William Blake - The Chimney Sweeper - Songs Of Innocence - Songs Of Experience

Hi. I’m Christy Shriver and we’re here to discuss books that have changed the world and have changed us.

I’m Garry Shriver and this is the How to Love Lit Podcast. This week, we’re not discussing books per se- we’re discussing engravings- some of the most famous I know from Songs of Innocence and Experience created by the engraver, poet, artist and likely even musician, William Blake and two works by the same name- The Chimney-Sweeper. Christy, what an unusual human being William Blake was and still so very popular and relevant. I saw on Google that in 2002, the BBC conducted a poll to see who the residents of the UK considered to be the greatest Britons of all time, and he ranked number 38. It’s hard to imagine a poet ranking on a list like that, And of course, ironically, he died basically in utter anonymity. That’s quite the upgrade.

Well, it is, but he truly is a remarkable but also really quite strange human being. I’m thrilled to be discussing him, but before we do. I do have to ask, who else was on that list?

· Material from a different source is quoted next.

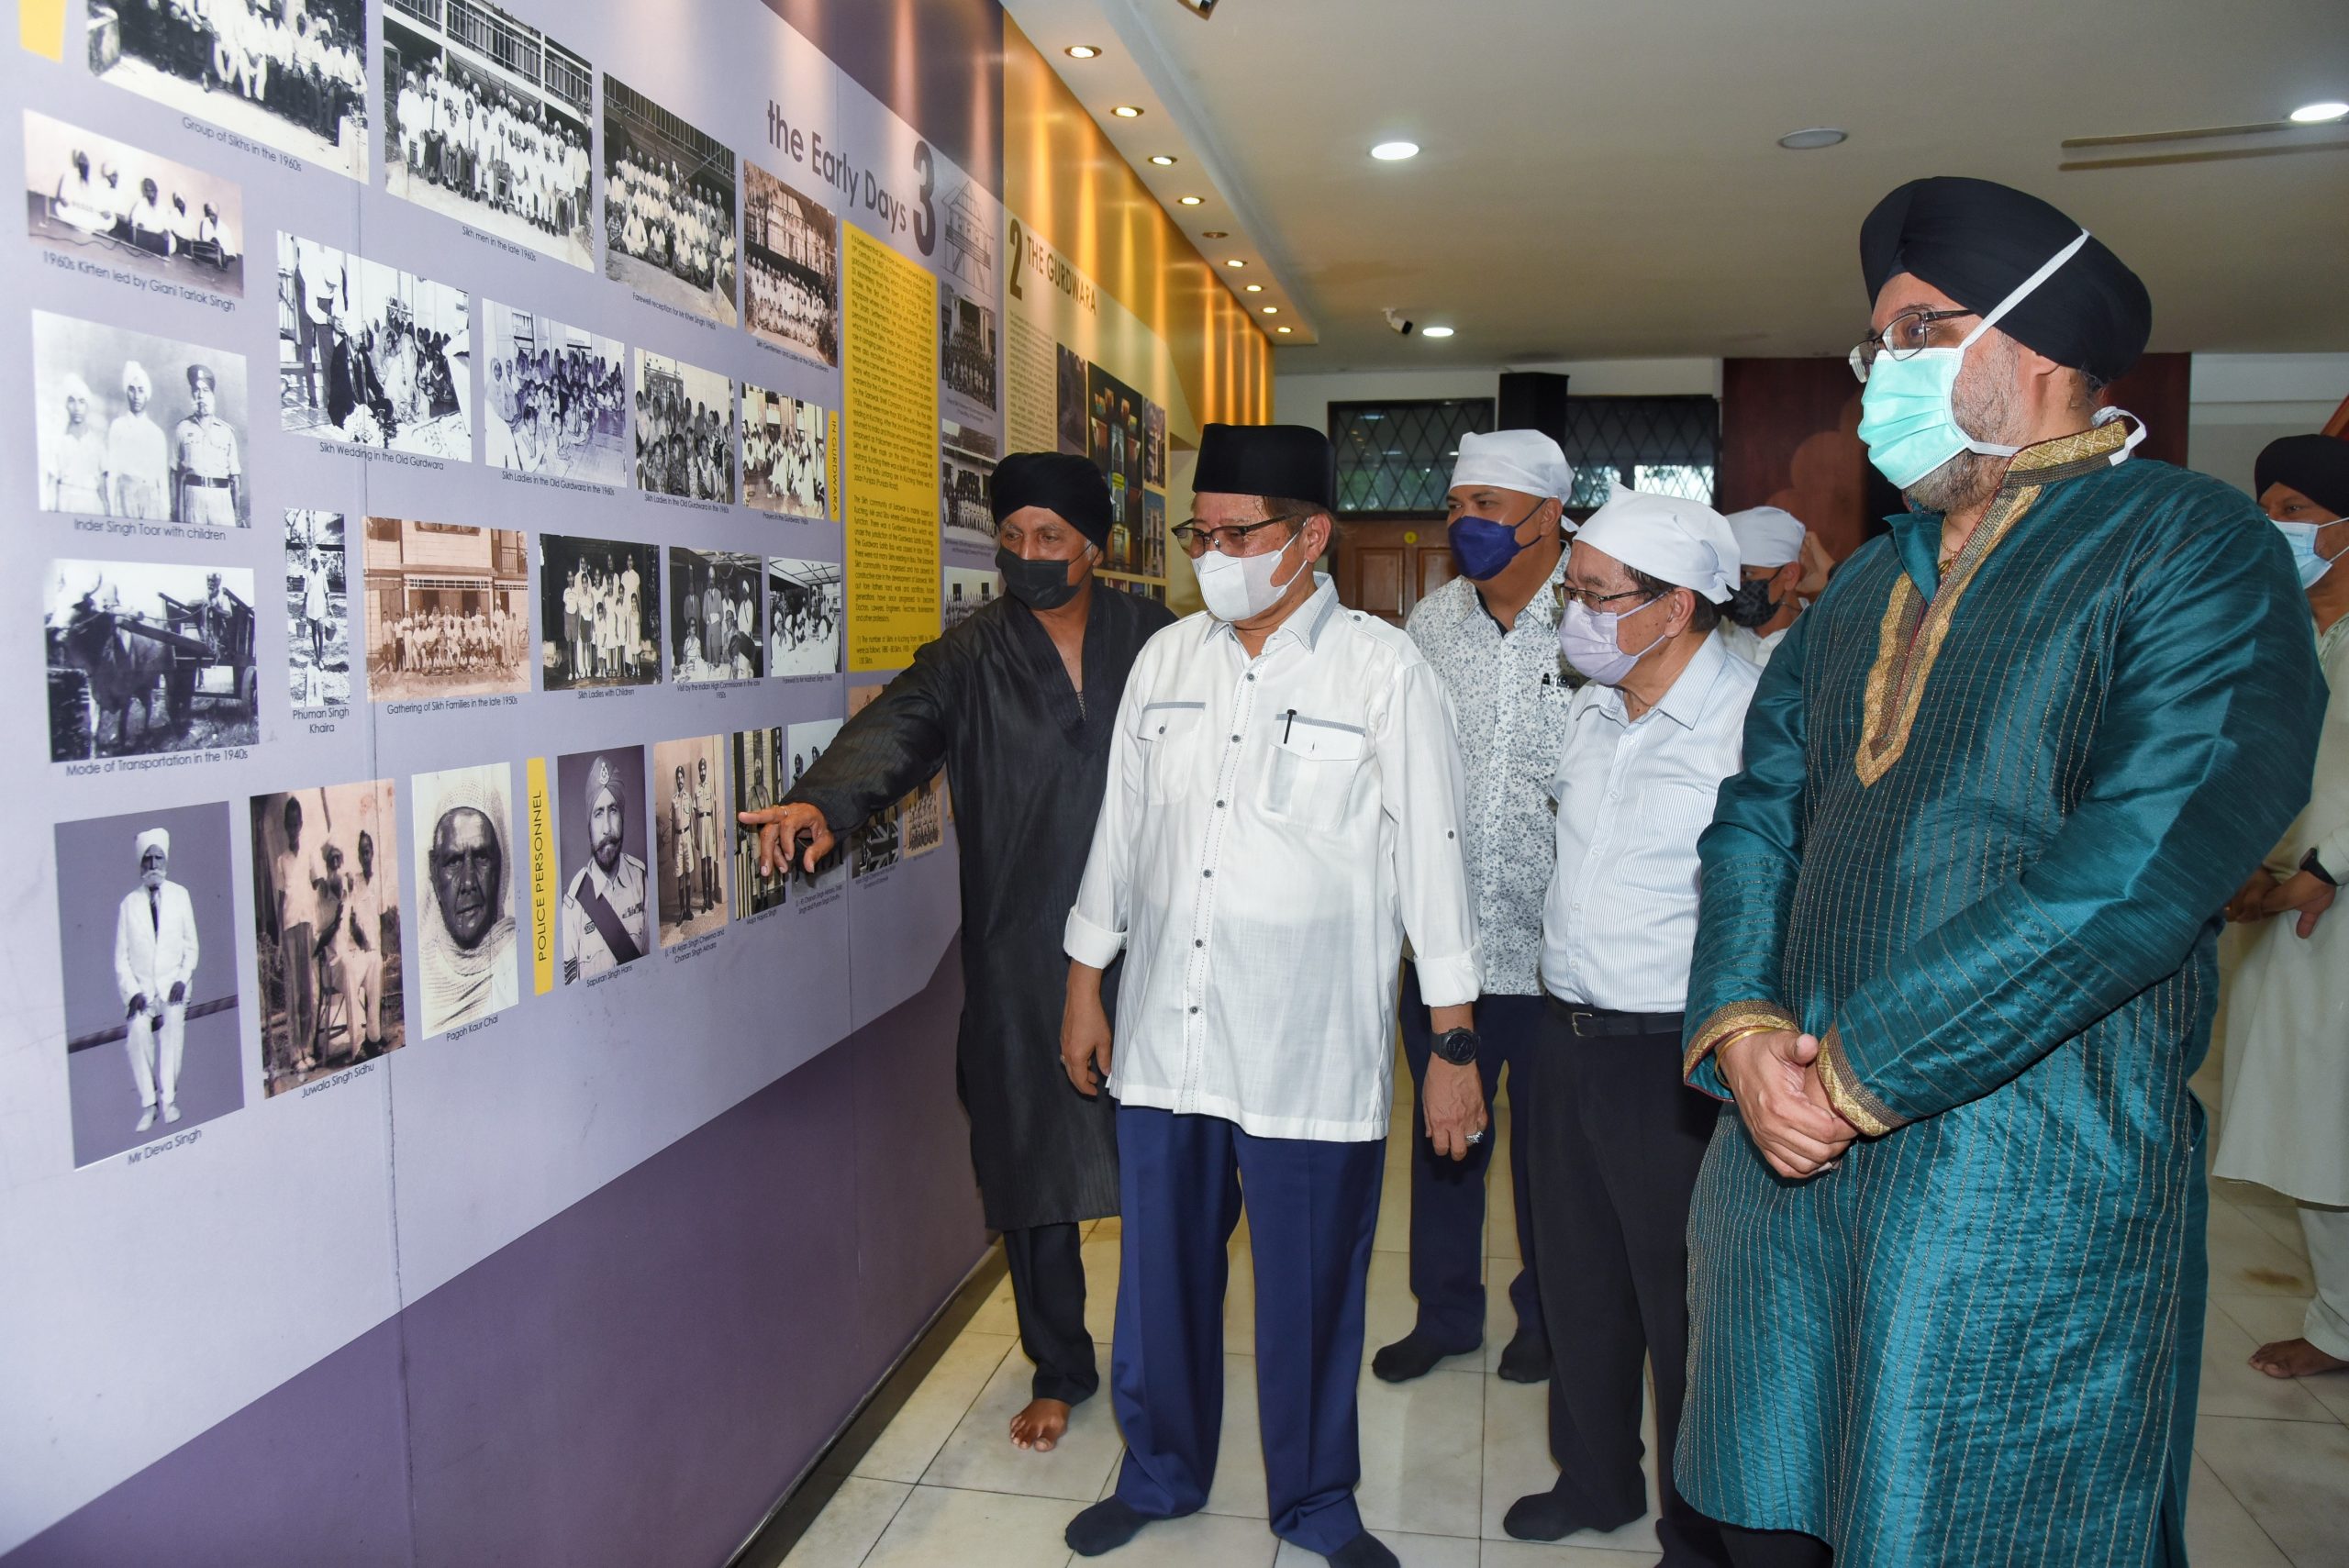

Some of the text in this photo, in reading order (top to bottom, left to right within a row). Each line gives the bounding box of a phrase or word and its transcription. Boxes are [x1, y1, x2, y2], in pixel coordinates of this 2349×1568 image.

Well, Winston Churchill was number 1- I guess nothing like defeating Hitler to get you to the top. Princess Diana ranked number 3 right ahead of Charles Darwin, interestingly enough. Queen Elizabeth the First ranked number 7 right ahead of John Lennon- but behind Sir Isaac Newton. So, that tells you the eclectic company he’s keeping. The person who ranked number 2, I would venture to say, most Americans don’t even know.

Who would that be?

A man by the name of Isambard Kingdom Brunel- the civil engineer who changed England by basically designing and helping to build- in the early 1800s- extremely important pieces of public transportation infrastructure- one of which is the Great Western Railway. BTW- Brunel was sort of a contemporary of William Blake, although 50 years younger.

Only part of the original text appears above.